*EXERCISE PROMPT*.
An exact, picture-free copy of the listing is required.

*** DATA IN THIS EXERCISE ***

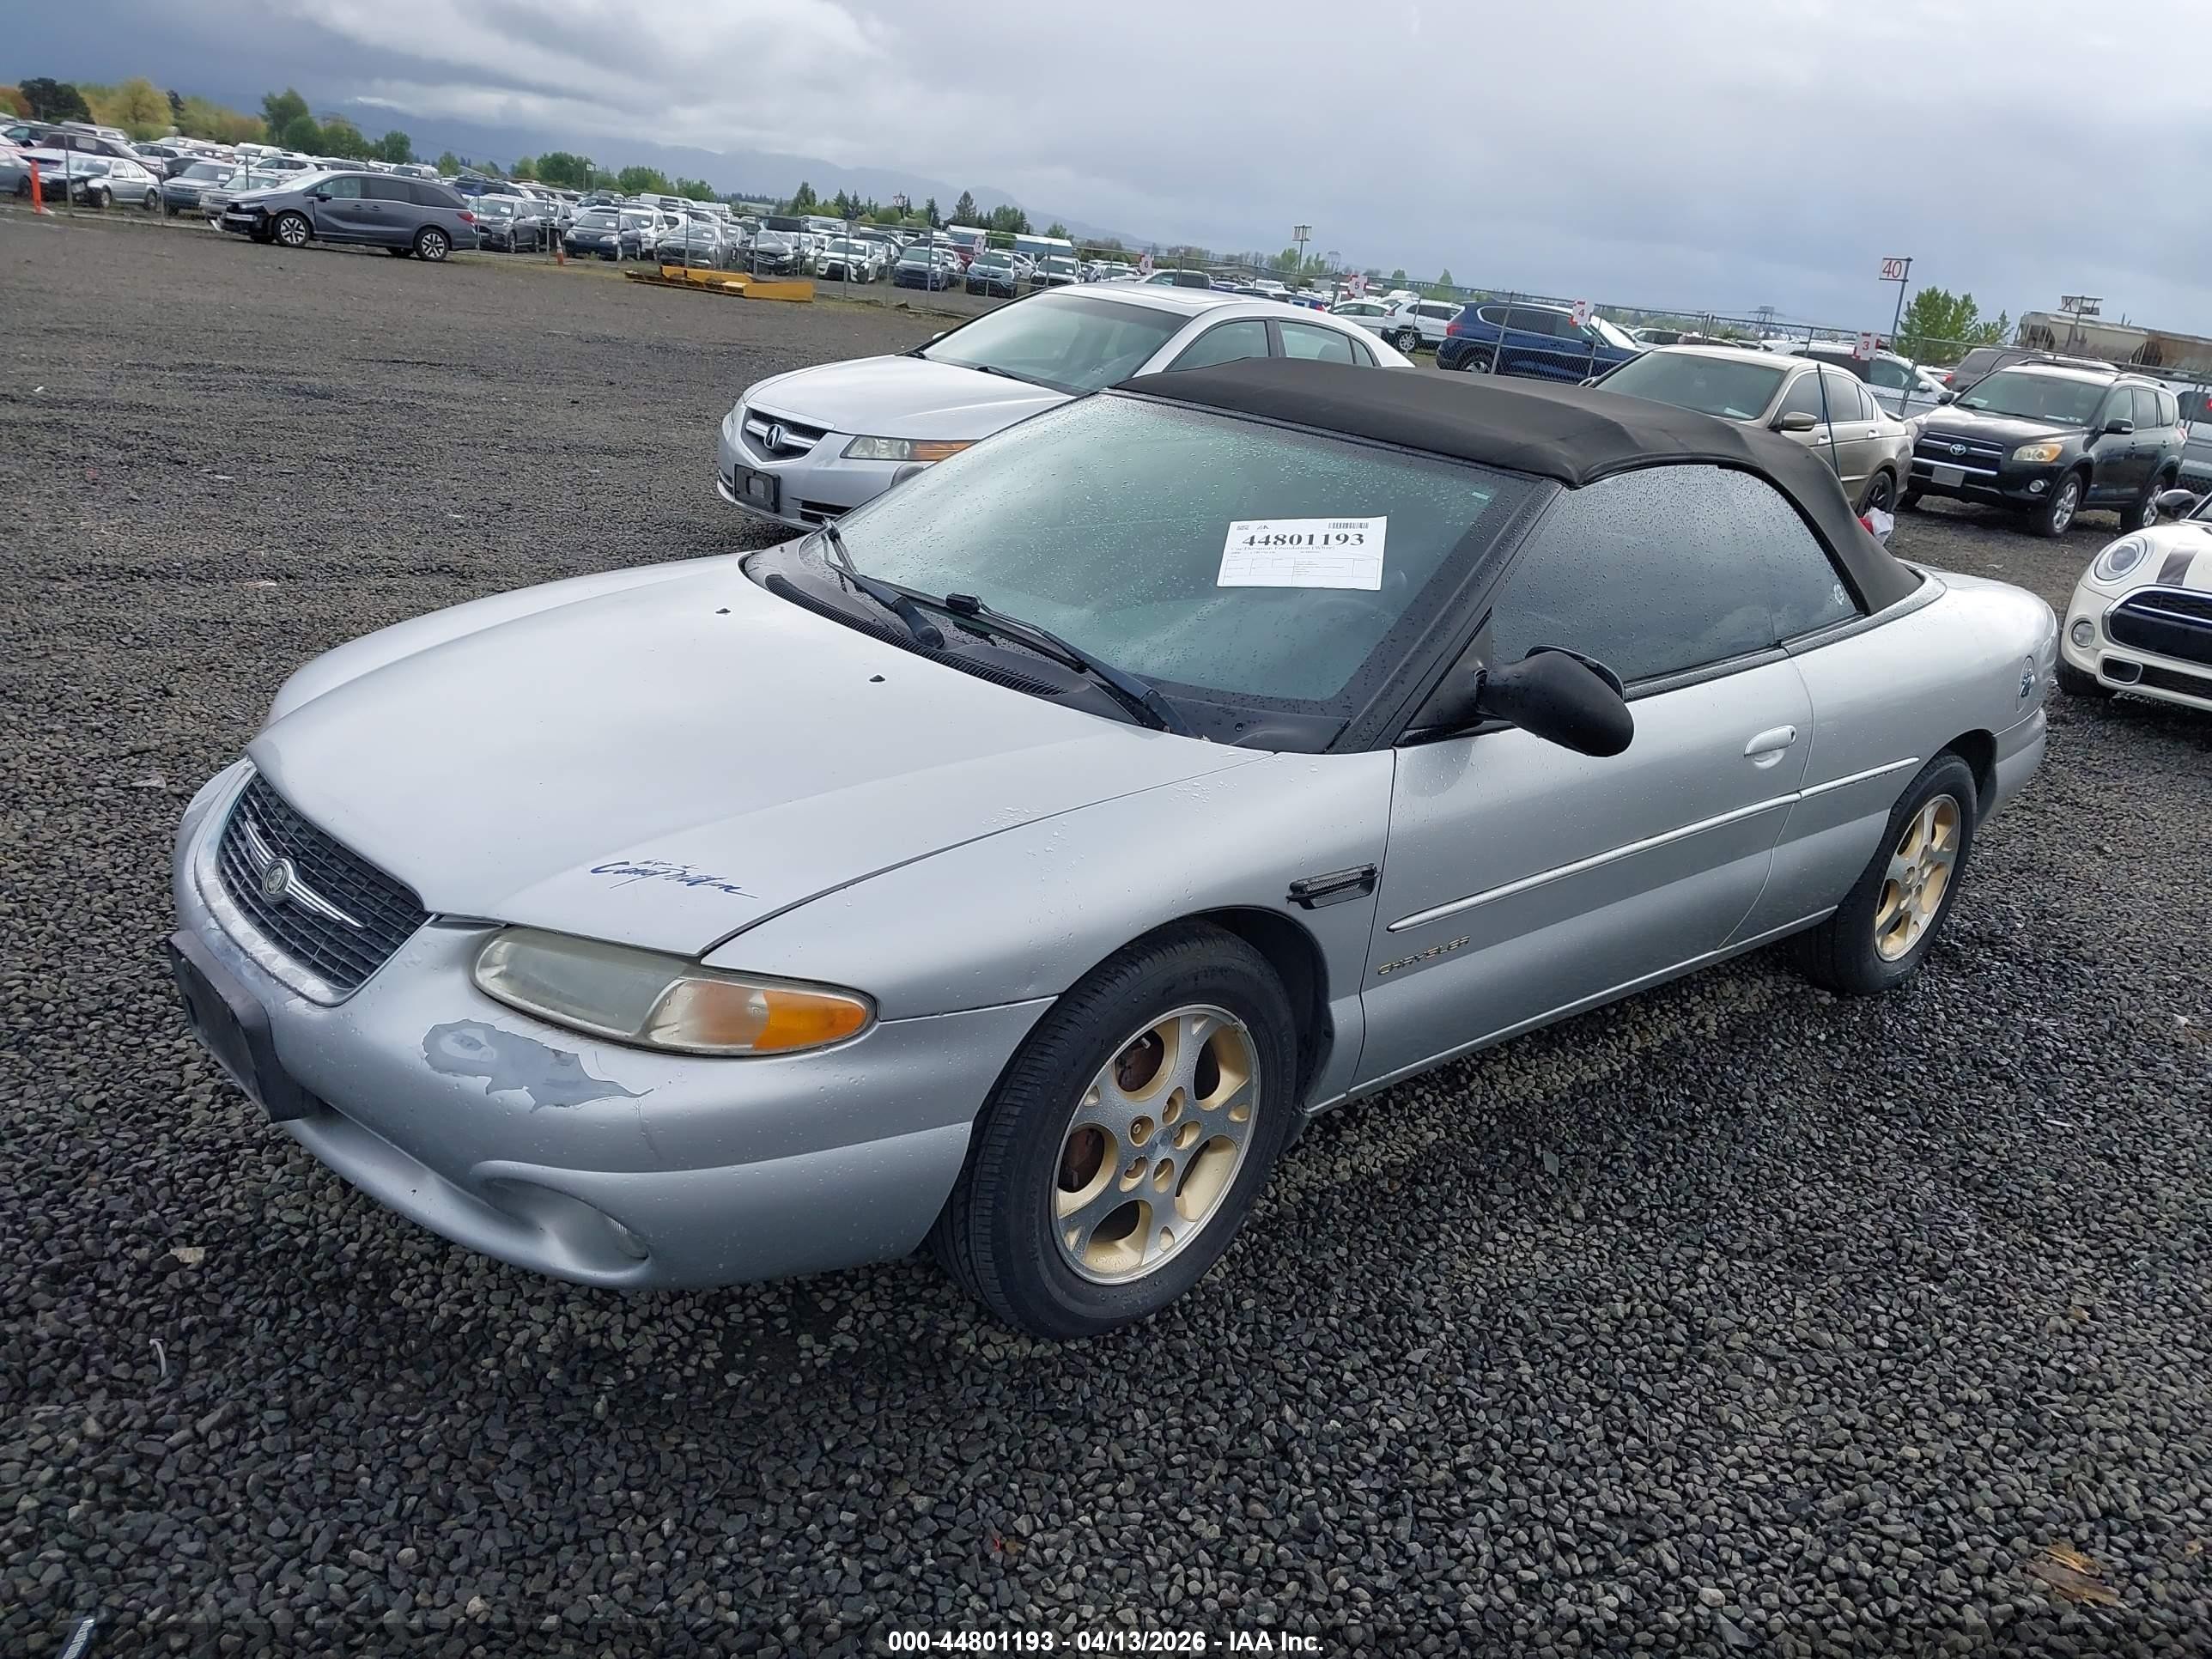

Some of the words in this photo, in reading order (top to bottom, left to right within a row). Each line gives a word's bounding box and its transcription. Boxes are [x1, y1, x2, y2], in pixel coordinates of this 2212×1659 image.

[1882, 260, 1902, 278] 40
[1354, 281, 1360, 289] 5
[1863, 341, 1869, 350] 3
[1242, 533, 1364, 546] 44801193
[1378, 935, 1470, 975] CHRYSLER

*** End of DATA IN THIS EXERCISE ***

*ANSWER TO THE EXERCISE*.
Some of the words in this photo, in reading order (top to bottom, left to right within a row). Each line gives a word's bounding box and its transcription. Boxes are [x1, y1, x2, y2], in pixel coordinates of this 2212×1659 image.

[1882, 260, 1902, 278] 40
[1354, 281, 1360, 289] 5
[1863, 341, 1869, 350] 3
[1242, 533, 1364, 546] 44801193
[1378, 935, 1470, 975] CHRYSLER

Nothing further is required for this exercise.